Key findings include:
  • More than half (52 percent) of assisted living providers say their overall workforce situation has worsened since January 2022. 
  • 63 percent are experiencing staffing shortages. A quarter of those assisted living providers say they have a high level of staffing shortages. 
  • 93 percent have increased wages to help attract and retain caregivers.
  • 98 percent have asked staff to work overtime or extra shifts due to the staffing shortages.
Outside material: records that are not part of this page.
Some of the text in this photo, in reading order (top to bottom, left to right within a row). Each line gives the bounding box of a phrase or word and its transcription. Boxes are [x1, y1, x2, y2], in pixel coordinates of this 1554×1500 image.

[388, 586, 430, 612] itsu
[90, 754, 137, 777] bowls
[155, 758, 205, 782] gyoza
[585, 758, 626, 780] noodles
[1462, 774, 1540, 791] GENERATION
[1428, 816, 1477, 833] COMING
Half have hired temporary agency staff due to shortages. 
  • 87 percent say they have difficulty hiring new staff. 
  • The biggest obstacle for assisted living providers in hiring new staff is a lack of interested or qualified candidates, with two-thirds of providers saying it was an “extremely big” challenge. 
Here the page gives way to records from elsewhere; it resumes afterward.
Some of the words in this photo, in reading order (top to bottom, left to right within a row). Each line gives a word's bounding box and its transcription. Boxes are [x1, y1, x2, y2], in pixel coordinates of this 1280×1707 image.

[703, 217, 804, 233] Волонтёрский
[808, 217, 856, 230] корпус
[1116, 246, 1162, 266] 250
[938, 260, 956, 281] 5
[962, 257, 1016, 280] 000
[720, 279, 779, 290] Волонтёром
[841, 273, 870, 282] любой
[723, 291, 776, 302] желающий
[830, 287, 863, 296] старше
  • Nearly half (48 percent) are concerned they may have to close their assisted living communities if workforce challenges persist. 
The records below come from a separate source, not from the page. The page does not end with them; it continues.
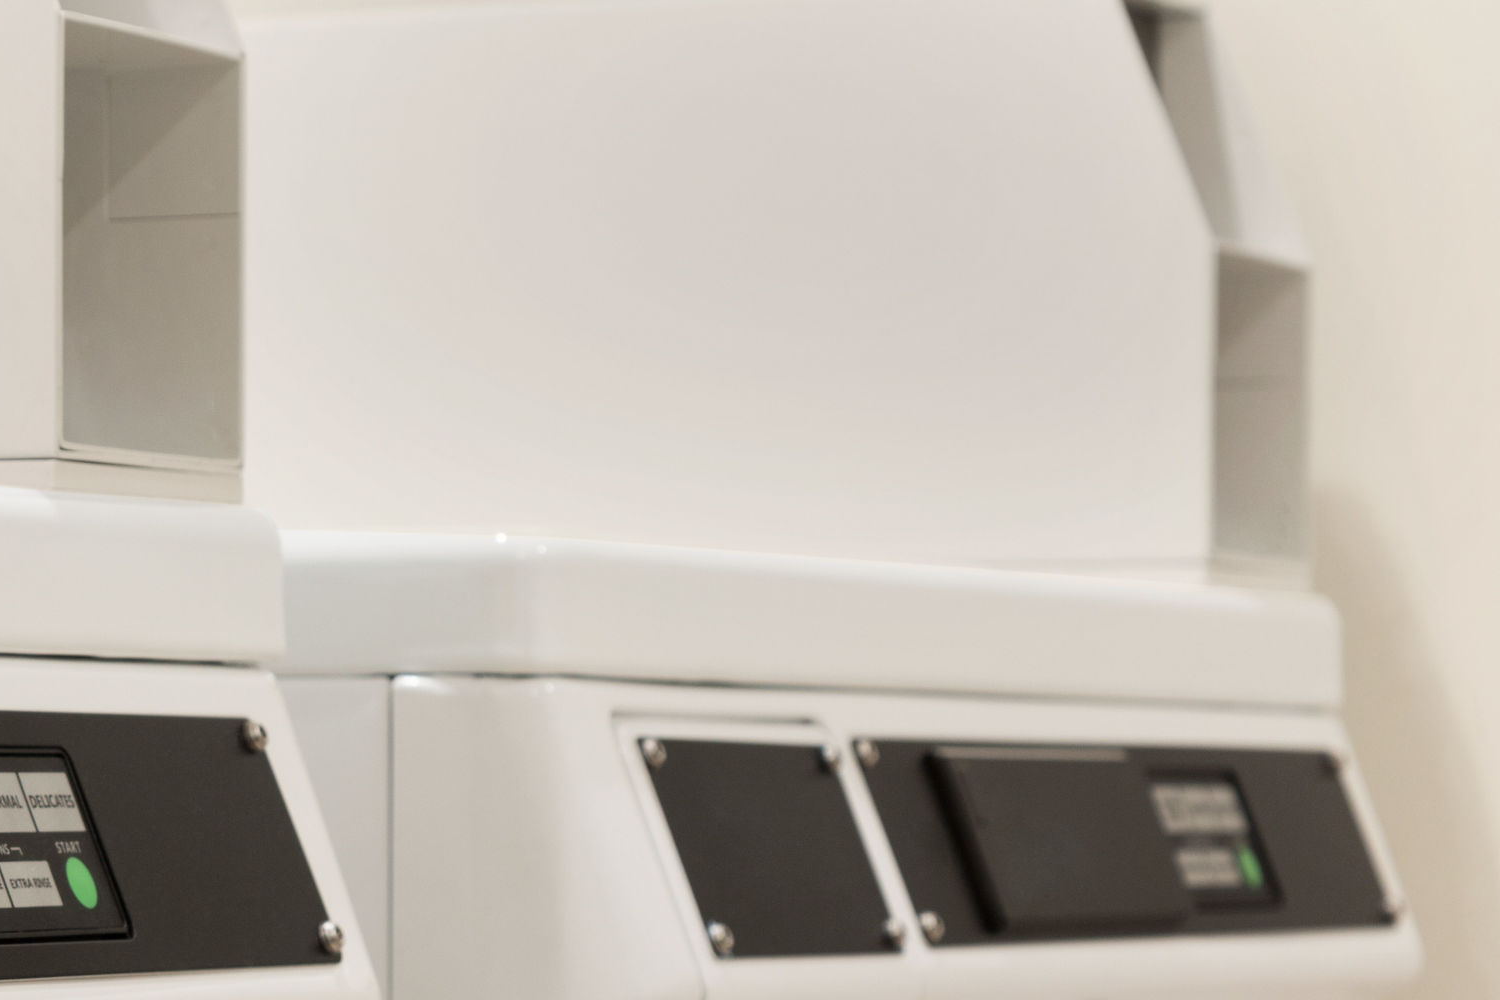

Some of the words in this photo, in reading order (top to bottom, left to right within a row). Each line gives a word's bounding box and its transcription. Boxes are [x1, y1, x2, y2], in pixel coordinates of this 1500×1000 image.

[28, 794, 76, 809] DELICATES
[55, 841, 82, 854] START
[9, 877, 33, 888] EXTRA
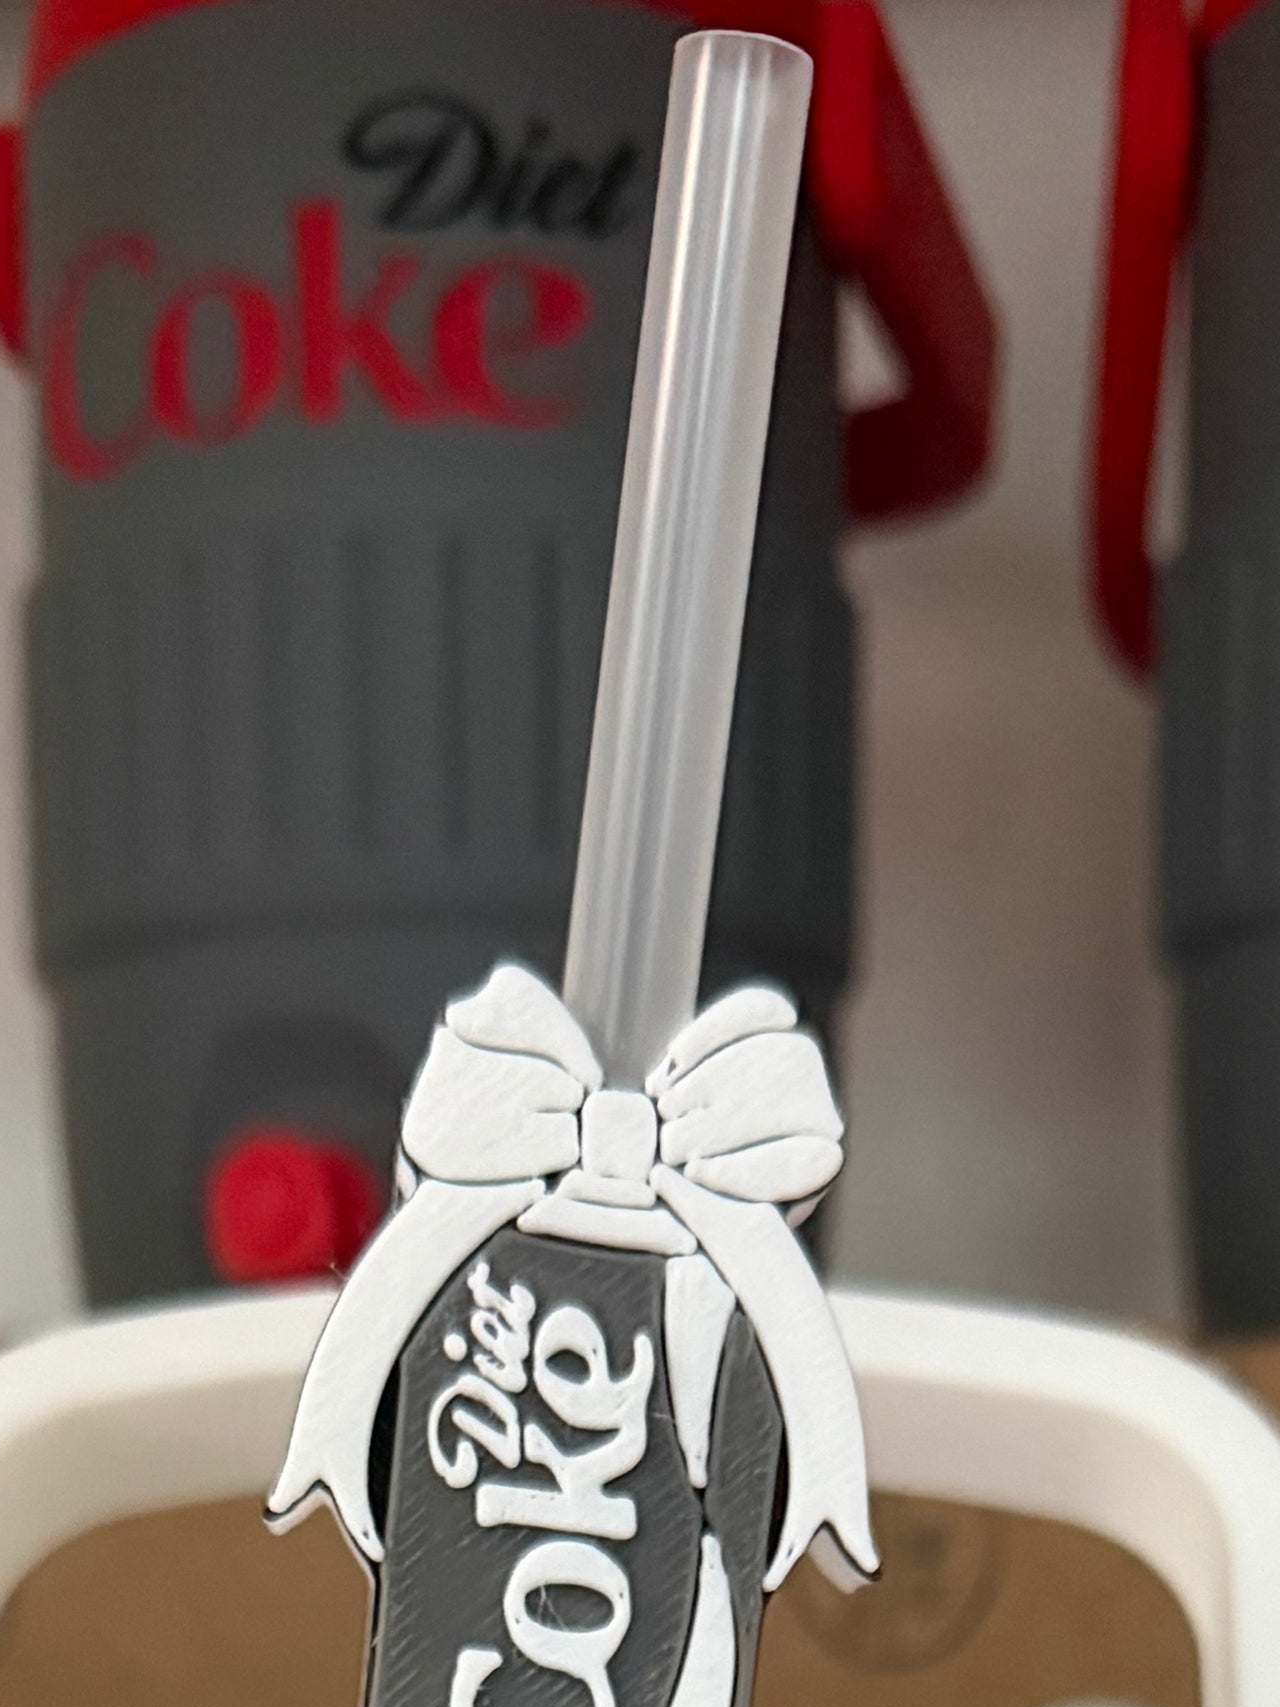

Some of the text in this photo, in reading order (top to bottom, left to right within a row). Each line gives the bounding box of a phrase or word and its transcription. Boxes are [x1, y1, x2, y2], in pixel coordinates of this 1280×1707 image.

[341, 86, 642, 240] Diet
[42, 197, 592, 481] Coke
[429, 1261, 536, 1489] Diet
  • On average, assisted living providers say their operational costs have increased since this time last year by 40 percent. 
  • More than one-third are currently operating at a loss (37 percent) and can’t sustain current operating pace for more than one year (35 percent). 
Assisted living professionals will share these findings as well as their own unique, local perspectives with members of Congress during the association’s Congressional Briefing event, taking place Monday, June 6 and Tuesday, June 7. More than 500 long term and post-acute professionals are expected to visit the Hill, advocating for legislation and policies that will help address these workforce and economic crises. 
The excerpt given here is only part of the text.